In a 2017 report by Hootsuite, a social media platform, and We Are Social Ltd., a consultancy based in the United Kingdom, Filipinos were described as obsessed with social media: On average, we spend four hours and 17 minutes every day browsing social media sites such as Facebook, Snapchat, and Twitter.
In the Philippines, Facebook is basically the internet. We rely on it as a source of our news and entertainment. We use it to reconnect to friends and relatives whom we don’t even see or speak with anymore. We constantly use it as an alternative to SMS and e-mail. All our lives—our personal and professional circles — are conveniently accessible in a little blue square app.
So what happens if our safety within this virtual space is compromised? In March, I read about the staggering data breach made several years ago by Cambridge Analytica. More than 50 million Facebook profiles were harvested and used in psychographic marketing techniques that may or may not have influenced the US elections in 2016.
And I think it’s disturbing how there’s not enough outrage here. For someone like me who relies on Facebook for almost every aspect of my virtual social life, this news was shocking. It now begs the question: Is it time to #DeleteFacebook?
It’s not that simple. Facebook has become an integral part of my everyday life, and, dare I say, has actually transformed the very way by which I experience life.
When I share a story with my friends, I supplement it with photos — pics or didn’t happen—and because of this habit, I’ve grown to trust easily digestible pieces of content. No thanks to Facebook, I’ve become more susceptible to propaganda presented in a visually appealing manner.
And because of my overdependence on Facebook, I believe that I’ve failed to establish deeply rooted connections with friends and family. Since everyone is just a private message away, I took my relationships for granted.
I read somewhere that you can’t consider members of your network valuable unless you can do business with them or ask them to help you build your house. I wish I could say that my relationships are like that, but they aren’t. When I’m asking for support for my advocacies, at least four or five people would respond to my call for donations, and that’s about it. (Not complaining; that’s usually more than enough. My point is I have more than 600 “friends,” but only a handful of people share my values.)
Facebook has made me and the people around me less critical. I’ve seen good people become susceptible to fake news and groupthink. We’re quick to hurl insults at those who disagree with us, and we’ve become more intolerant of those who don’t share the same views. I’m always “triggeredt,” as we millennials say, often rightly so. However, I’ve now become less inclined to engage someone from the other end of the political spectrum in a conversation than I was 10 years ago, all because I’ve grown used to seeing ideas on my news feed that are not dissimilar to mine.
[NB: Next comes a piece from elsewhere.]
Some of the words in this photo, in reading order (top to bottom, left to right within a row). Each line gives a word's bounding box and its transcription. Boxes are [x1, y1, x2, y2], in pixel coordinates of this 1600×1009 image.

One of my friends in college deactivated his Facebook account in 2015. He hasn’t logged on since, although he still uses Messenger, a chat application by Facebook. One of the things that he enjoys about his Facebook-free lifestyle is that he has more time to himself. He can genuinely enjoy get-togethers and reunions because when someone tells them about a major life event, it’s something he hasn’t read about yet online. I envy him for that.
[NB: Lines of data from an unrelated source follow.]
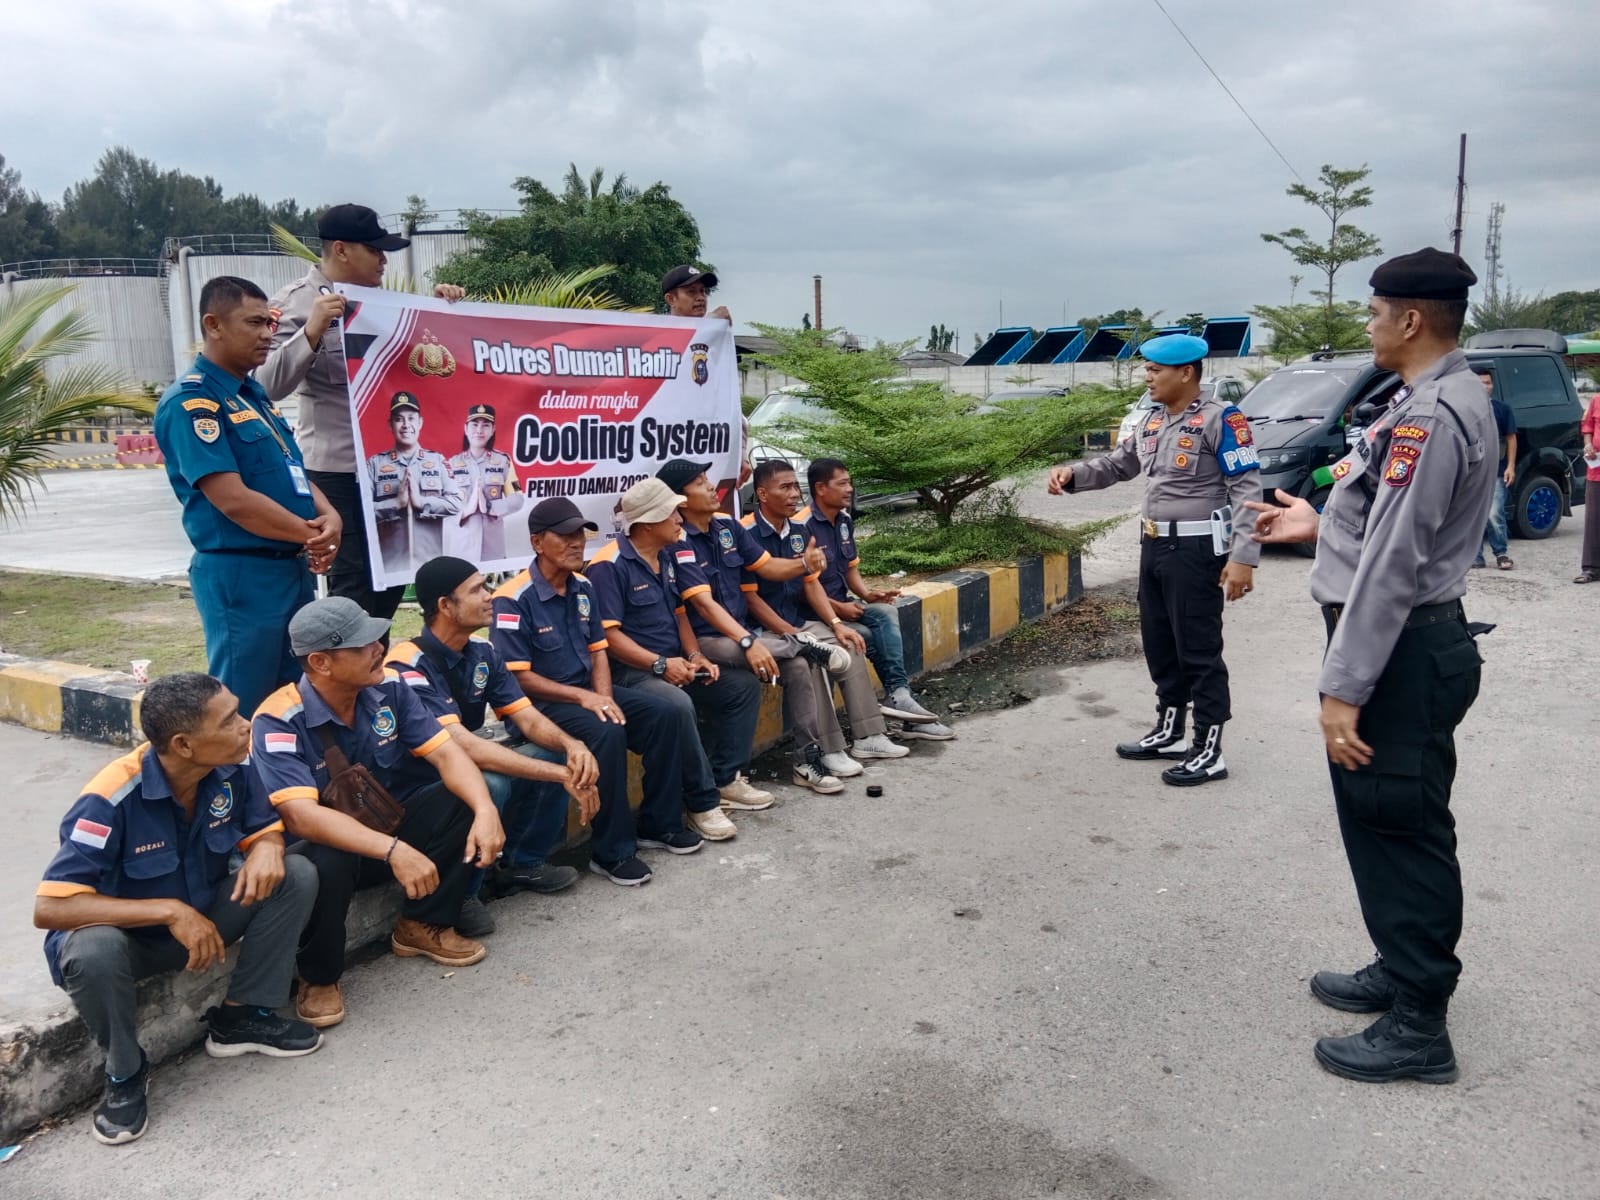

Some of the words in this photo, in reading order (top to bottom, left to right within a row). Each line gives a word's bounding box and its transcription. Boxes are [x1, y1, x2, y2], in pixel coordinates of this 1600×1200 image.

[472, 339, 551, 376] Polres
[552, 343, 625, 379] Dumai
[626, 346, 681, 379] Hadir
[539, 390, 588, 409] dalam
[589, 391, 639, 415] rangka
[516, 417, 636, 464] Cooling
[640, 416, 730, 461] System
[1393, 446, 1417, 455] RIAU
[528, 479, 577, 498] PEMILU
[578, 476, 619, 496] DAMAI
[620, 474, 649, 493] 20
[135, 840, 165, 854] ROZALI
So why am I still on Facebook?
I used to tell myself that exchanging my privacy for the convenience of staying in the loop and never missing an update about my friends’ lives was a bargain I’m willing to take. Now, I’m not so sure anymore.
But quitting it will not solve anything.
I believe that social media is a tool: Sure, it can change us, as guns do to their owners, but we can also use it to effect change in our communities. And there’s so much work to do.
Right now, almost everyone in the Philippines is on Facebook, and that’s something we should not take for granted. It’s something we can capitalize on when it comes to community
How else can I tell my friends that there’s a free seminar, art exhibit, benefit concert, or cultural events in my neighborhood that they might want to check out? How else can I spread the word about my brother’s fund-raising efforts for the public school where he’s teaching? How can I promote my other projects?
Yes, Facebook is addictive. So are Instagram, Twitter, and Tumblr. But at the end of the day, it’s up to us how we want to use these platforms. Maybe, if we could police ourselves and limit our usage to a reasonable degree, we can maximize it and use it to make a positive impact in our communities.
I’m willing to try that in the coming months.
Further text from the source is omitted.